§ **What is being asked**
Each record here should be printed again exactly; please leave its pictures out.
------------------------------------------------
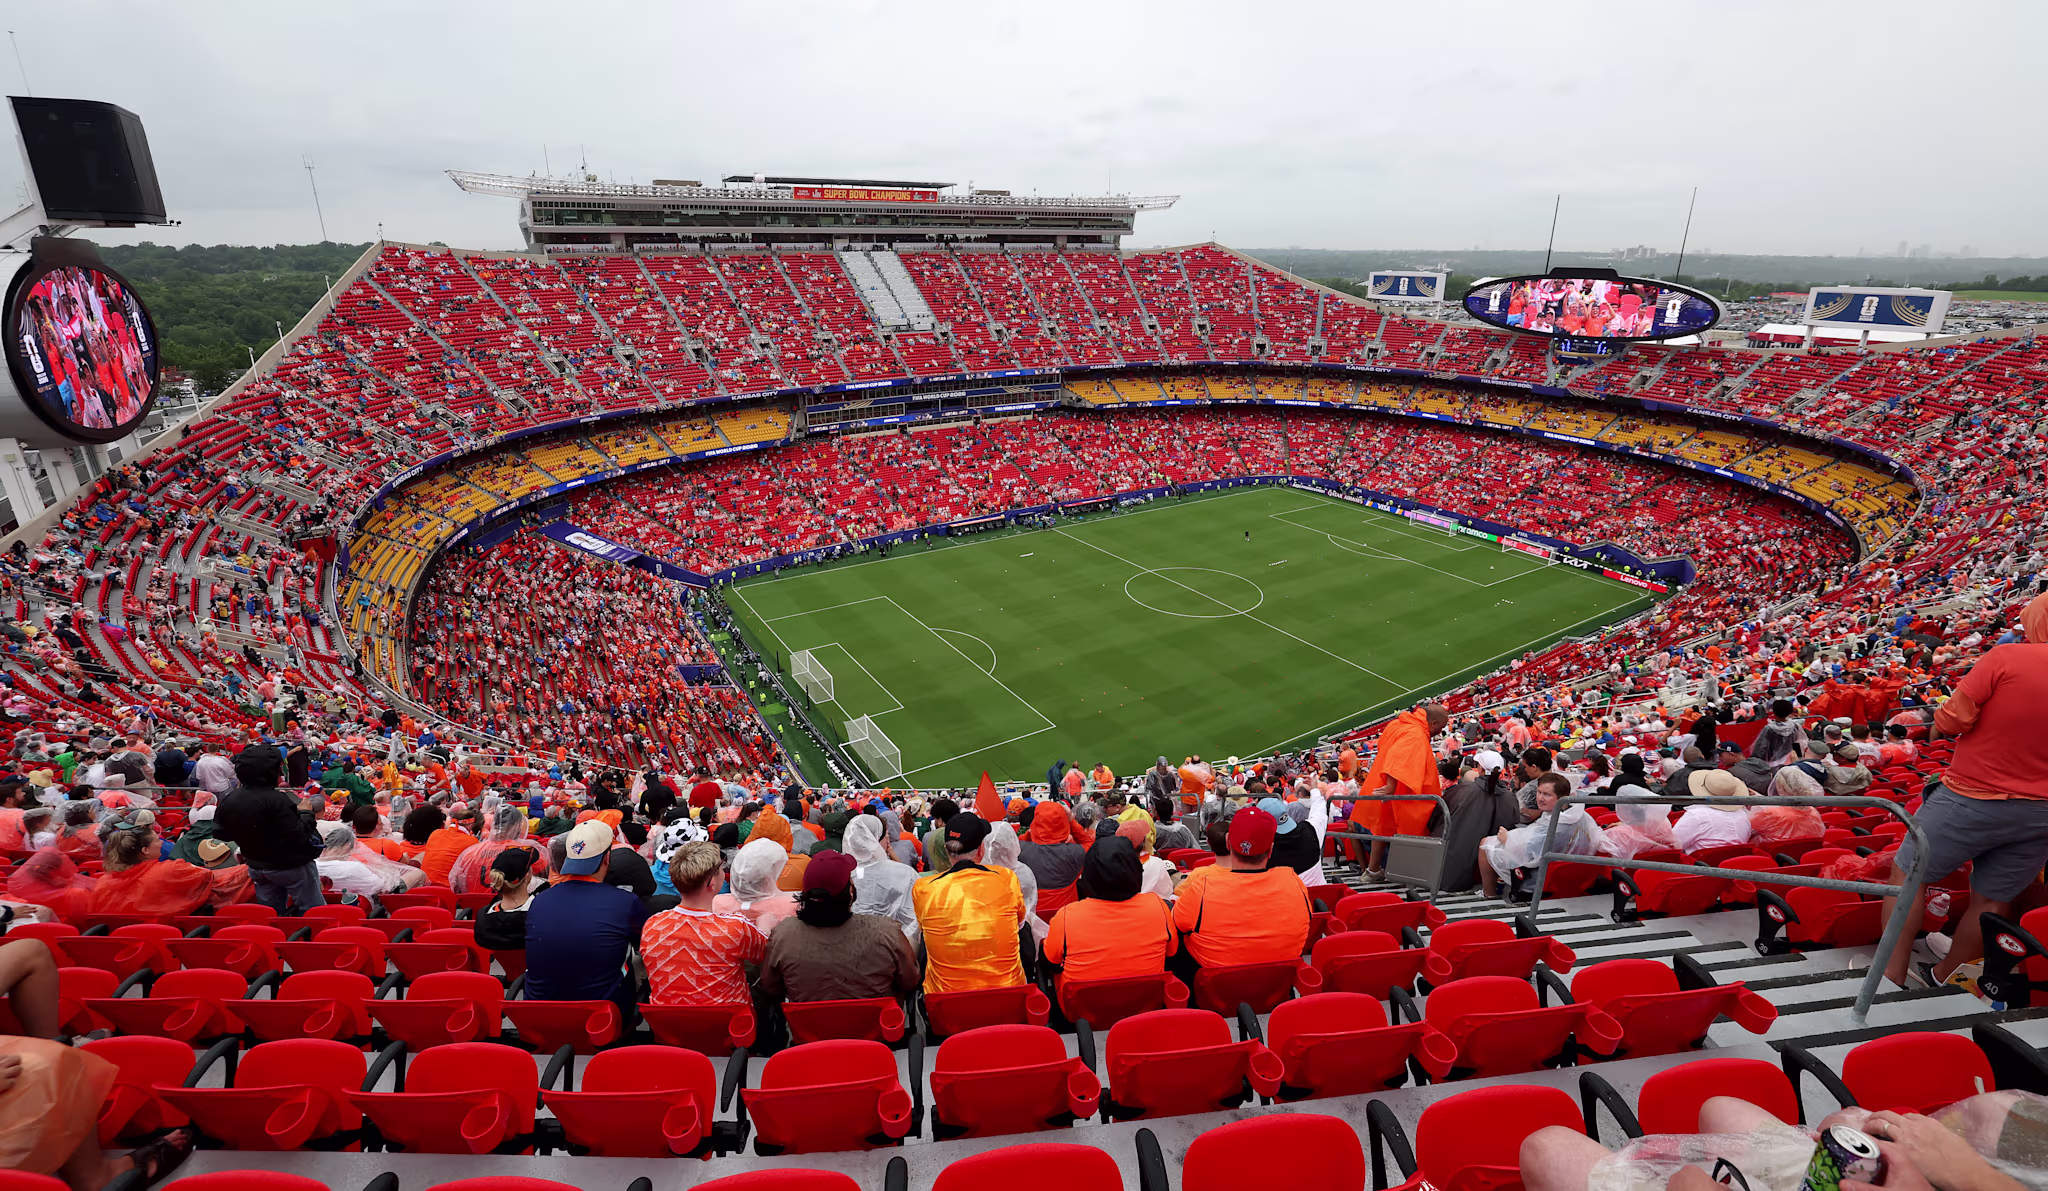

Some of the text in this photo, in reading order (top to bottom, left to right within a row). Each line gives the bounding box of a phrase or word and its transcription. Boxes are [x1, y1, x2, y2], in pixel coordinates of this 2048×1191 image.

[824, 189, 847, 199] SUPER
[849, 190, 869, 200] BOWL
[871, 191, 911, 200] CHAMPIONS
[1686, 408, 1742, 422] KANSAS CITY
[716, 447, 732, 455] WORLD
[742, 443, 758, 451] 2026
[392, 465, 424, 488] KANSAS CITY
[1328, 491, 1363, 504] QATAR AIRWAYS
[1378, 502, 1390, 512] VISA
[1458, 526, 1488, 540] aramco
[1620, 574, 1648, 588] Lenovo
[1759, 943, 1768, 954] 39
[1984, 982, 1999, 995] 40
------------------------------------------------
§ **Task answer**
Some of the text in this photo, in reading order (top to bottom, left to right within a row). Each line gives the bounding box of a phrase or word and its transcription. Boxes are [x1, y1, x2, y2], in pixel coordinates of this 2048×1191 image.

[824, 189, 847, 199] SUPER
[849, 190, 869, 200] BOWL
[871, 191, 911, 200] CHAMPIONS
[1686, 408, 1742, 422] KANSAS CITY
[716, 447, 732, 455] WORLD
[742, 443, 758, 451] 2026
[392, 465, 424, 488] KANSAS CITY
[1328, 491, 1363, 504] QATAR AIRWAYS
[1378, 502, 1390, 512] VISA
[1458, 526, 1488, 540] aramco
[1620, 574, 1648, 588] Lenovo
[1759, 943, 1768, 954] 39
[1984, 982, 1999, 995] 40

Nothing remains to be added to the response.